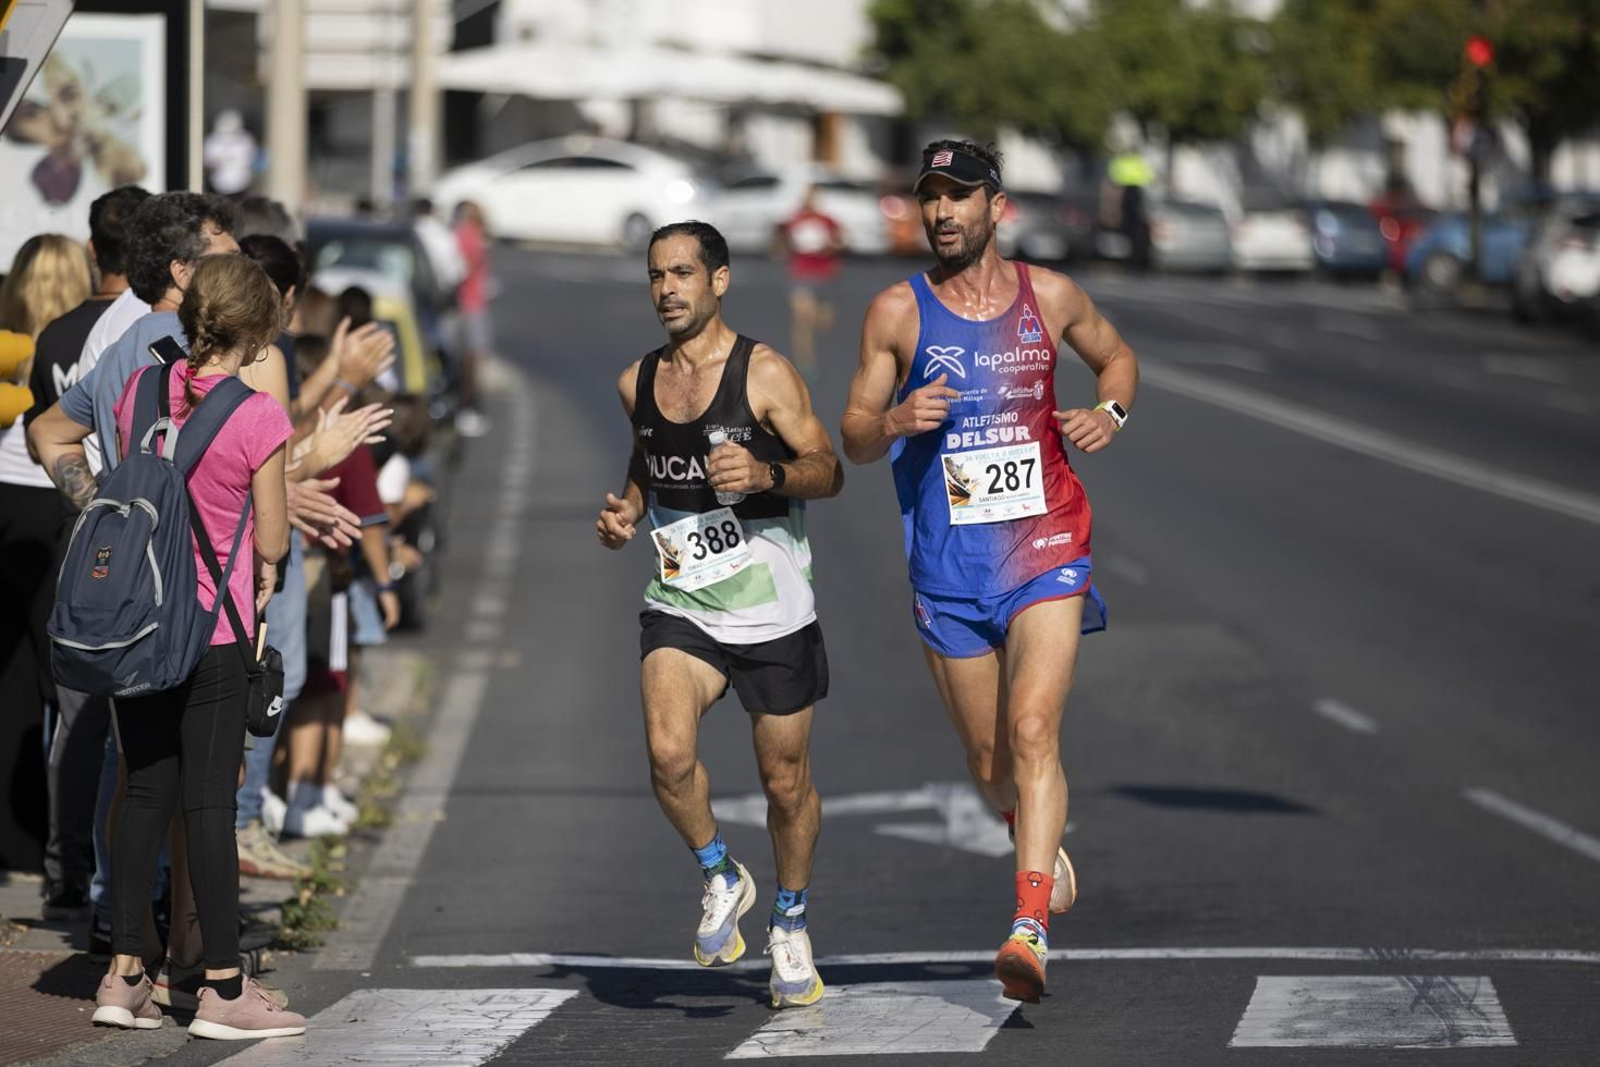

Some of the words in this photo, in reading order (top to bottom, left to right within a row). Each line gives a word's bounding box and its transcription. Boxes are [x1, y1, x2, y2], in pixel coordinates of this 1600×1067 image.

[974, 346, 1050, 371] lapalma
[962, 411, 1019, 428] ATLETISMO
[946, 425, 1031, 450] DELSUR
[985, 458, 1036, 495] 287
[687, 520, 740, 560] 388

* * * * * * * * *

YOUR INSTRUCTIONS: Return every entry of the data above verbatim, with no images included.

RESPONSE:
Some of the words in this photo, in reading order (top to bottom, left to right within a row). Each line gives a word's bounding box and its transcription. Boxes are [x1, y1, x2, y2], in pixel coordinates of this 1600×1067 image.

[974, 346, 1050, 371] lapalma
[962, 411, 1019, 428] ATLETISMO
[946, 425, 1031, 450] DELSUR
[985, 458, 1036, 495] 287
[687, 520, 740, 560] 388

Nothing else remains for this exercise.